What Is Fiedler’s Contingency Theory?

There are other contingency theories that are popular in the world of business and leadership, beyond Fiedler’s. Students and professionals should understand that a contingency theory, in this context, is one that emphasizes the fact that strong leadership is dependent upon an organization’s circumstances and that there is no one singular best way to lead a team. Rather, the best way to perform leadership duties is contingent upon factors such as organizational culture, team composition and the task at hand.

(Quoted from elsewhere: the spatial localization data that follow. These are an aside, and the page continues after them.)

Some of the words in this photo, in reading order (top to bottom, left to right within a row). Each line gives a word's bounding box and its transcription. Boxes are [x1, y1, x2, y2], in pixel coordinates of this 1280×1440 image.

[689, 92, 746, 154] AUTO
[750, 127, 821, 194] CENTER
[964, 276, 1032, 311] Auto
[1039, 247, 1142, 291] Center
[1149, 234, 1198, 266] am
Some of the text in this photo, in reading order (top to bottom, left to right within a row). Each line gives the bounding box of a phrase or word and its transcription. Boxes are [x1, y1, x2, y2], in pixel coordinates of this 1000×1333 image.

With that being said, Chron shares how Fiedler’s Contingency Model also is of the belief that there is no one correct way to lead. Fiedler posits that what is best is determined by the situation. What also matters in this approach is that a person’s style does not change. Therefore, it is impossible to alter one’s leadership style in order to fit a particular context or circumstance. A leader should be chosen based upon the factors at play in order to ensure the best fit.

How to Use This Model

A person’s leadership style is based upon the ways in which they rate their least preferred co-worker. Those who rate the person they least prefer to work with more favorably are said to be more relationship-oriented. Those of the opposite view are more task-oriented. Relationship-oriented leaders excel at interpersonal relationships, the motivation of personnel and conflict management. Those with a task-oriented style tend to be good at project organization, team management and getting things done.

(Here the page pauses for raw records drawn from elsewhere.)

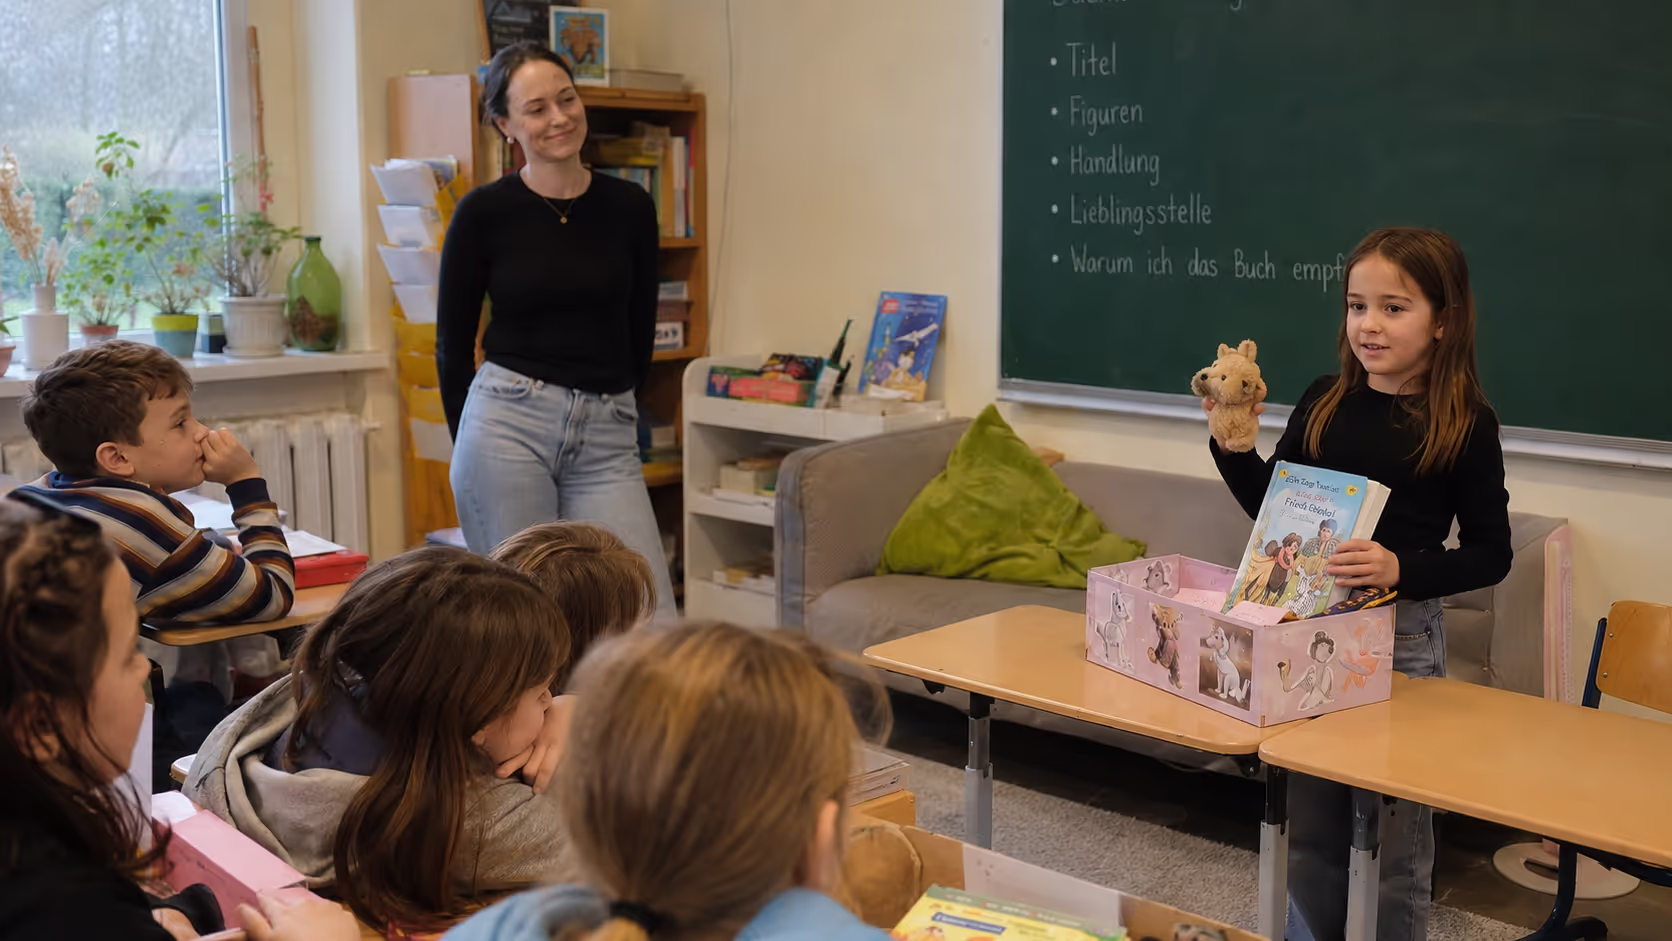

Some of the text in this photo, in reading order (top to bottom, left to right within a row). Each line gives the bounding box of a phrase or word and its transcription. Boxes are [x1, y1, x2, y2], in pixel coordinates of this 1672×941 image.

[1065, 41, 1116, 77] Titel
[1069, 94, 1144, 137] Figuren
[1070, 143, 1160, 186] Handlung
[1070, 193, 1213, 235] Lieblingsstelle
[1070, 243, 1347, 293] Warum ich das Buch empf

Fiedler’s Contingency Theory examines how much control a leader has over a situation in order to determine fit. Leaders are in a better position when trust is high, tasks are clear and authority is high

Advantages of Fiedler’s Contingency Theory

There are a number of advantages to this model when it comes to leadership. The first lies in its simplicity. It’s easy to understand and is applicable across various situations. Thus, it’s also flexible. Administrators can use this theory to help place managers and supervisors in appropriate team settings in order to establish the best possible leadership outcomes.

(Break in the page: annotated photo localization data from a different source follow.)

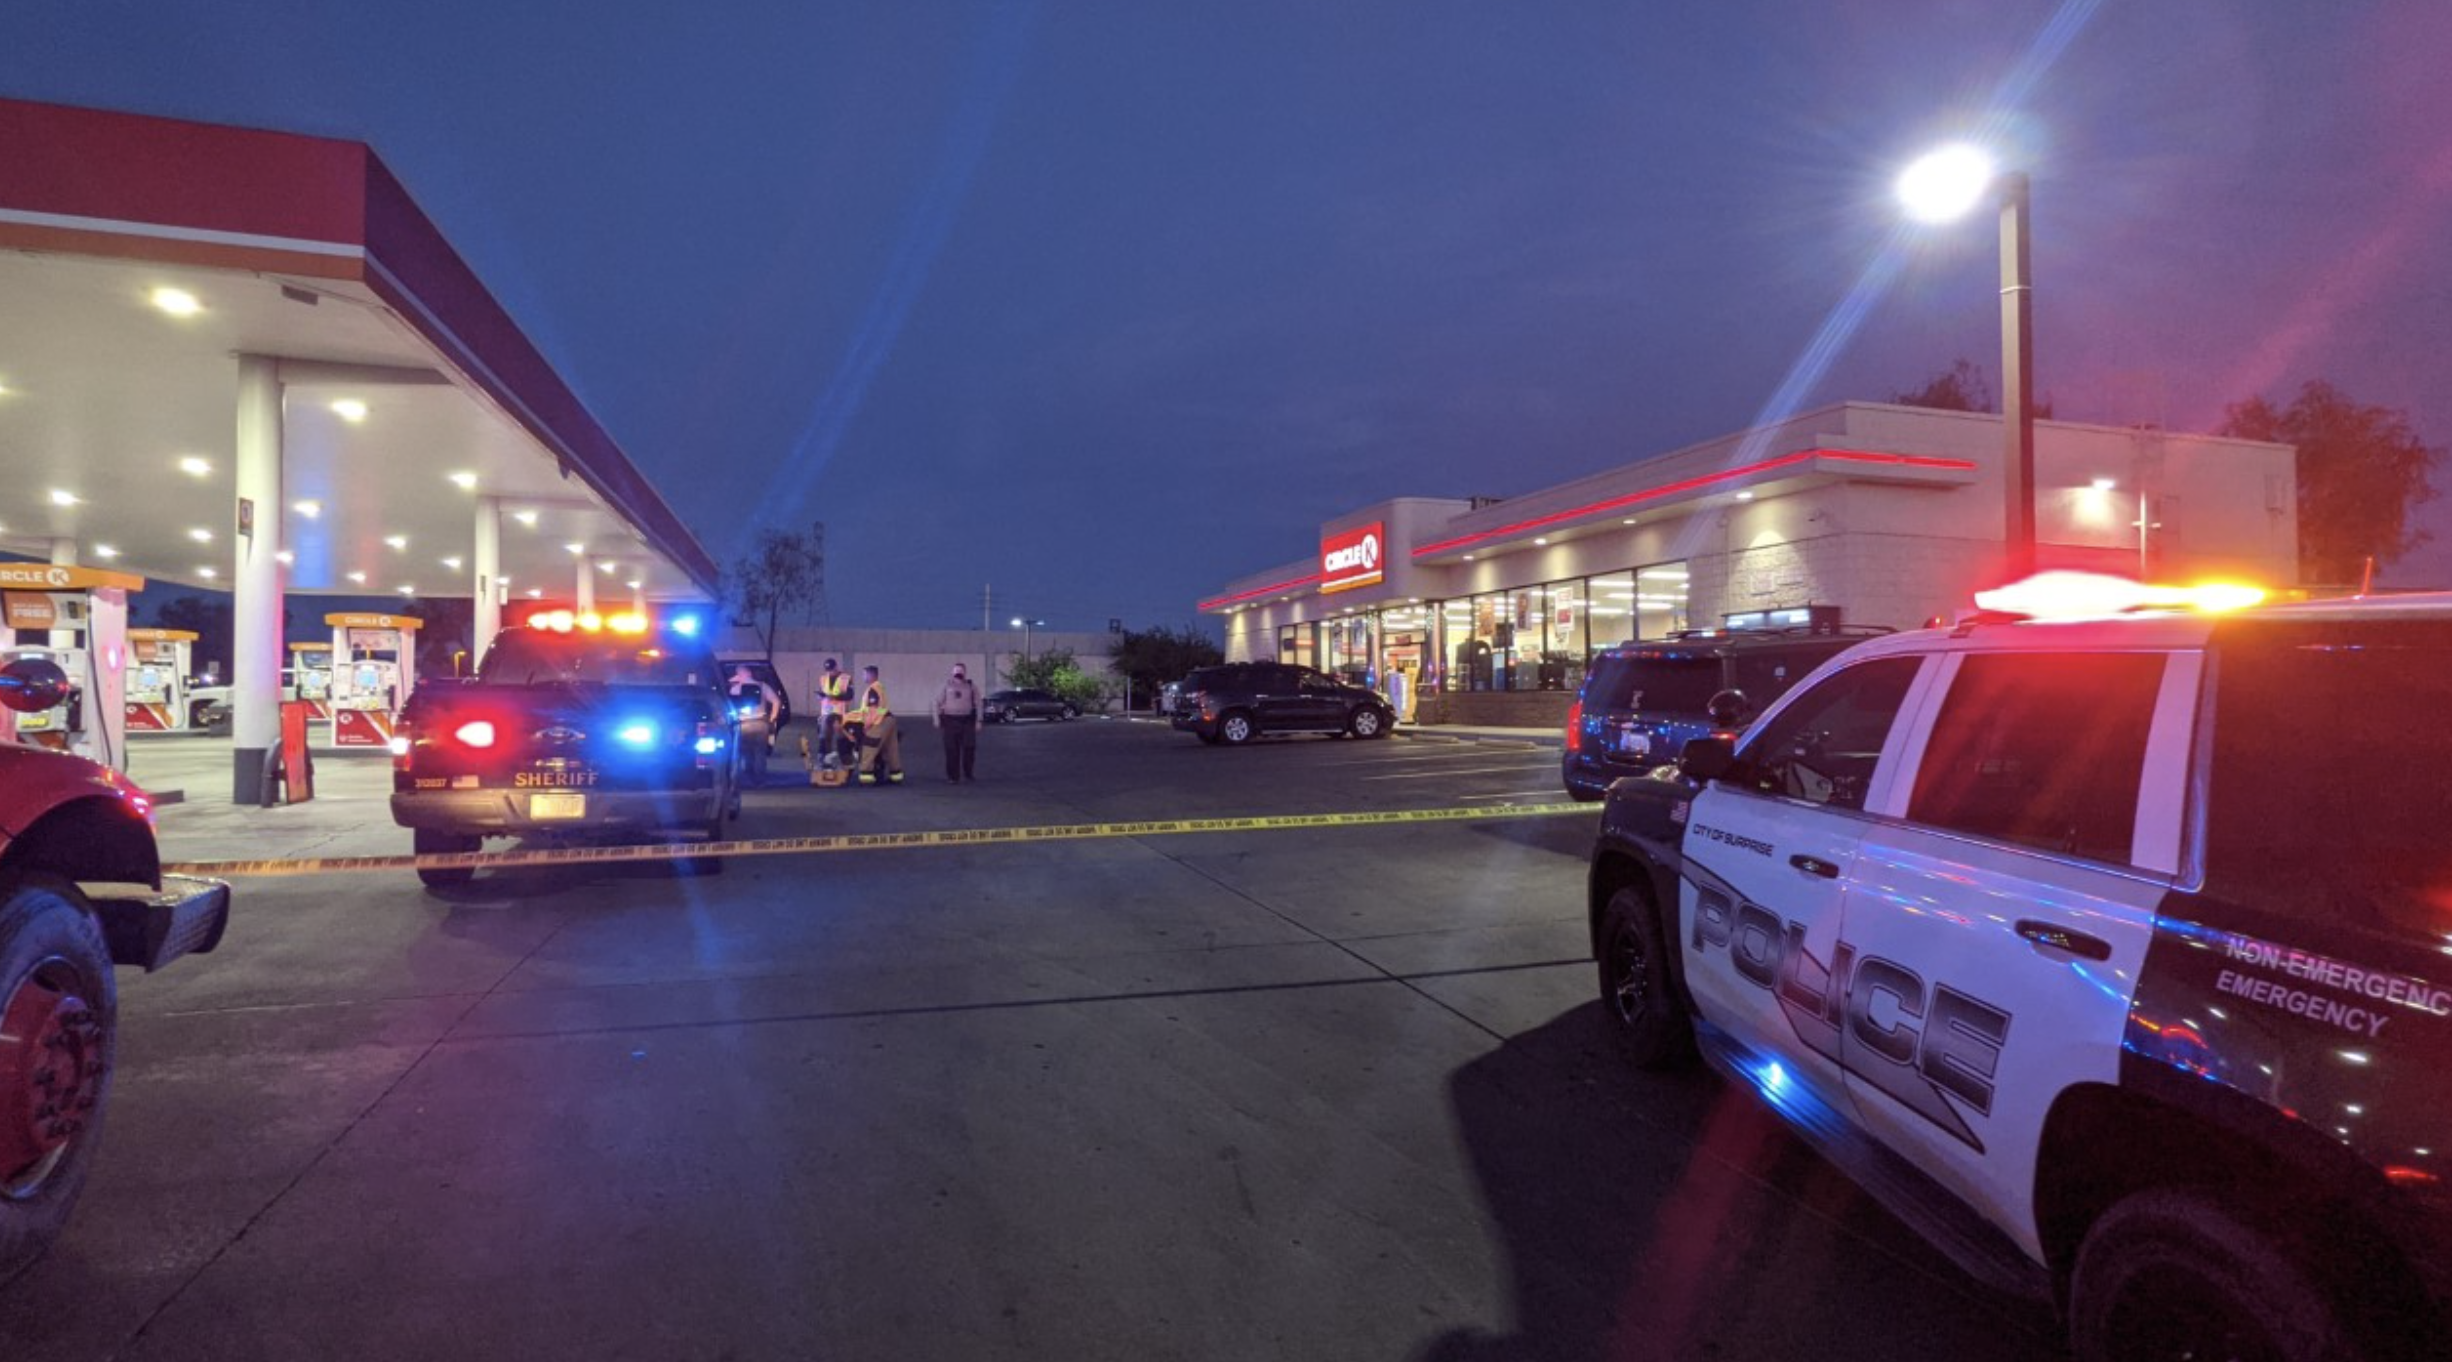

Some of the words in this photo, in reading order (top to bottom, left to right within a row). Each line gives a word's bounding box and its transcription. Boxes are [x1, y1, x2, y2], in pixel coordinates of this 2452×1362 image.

[1325, 544, 1362, 573] CIRCLE
[1362, 534, 1378, 569] K
[46, 568, 70, 586] K
[515, 772, 599, 787] SHERIFF
[1693, 823, 1711, 838] CITY
[1711, 829, 1725, 841] OF
[1724, 832, 1774, 857] SURPRISE
[1691, 885, 2013, 1117] POLICE
[2215, 969, 2390, 1038] EMERGENCY

It’s fairly straightforward in its predictions. Leaders who are relationship-oriented should be placed in situations with less structured tasks. Those who are task-oriented will do better where the environment’s tasks are better structured.

This theory has a wide variety of applications. It’s held up well and stood the test of time within the field of leadership. Hopefully, this summary has answered the question, “What is Fiedler’s Contingency Theory?”.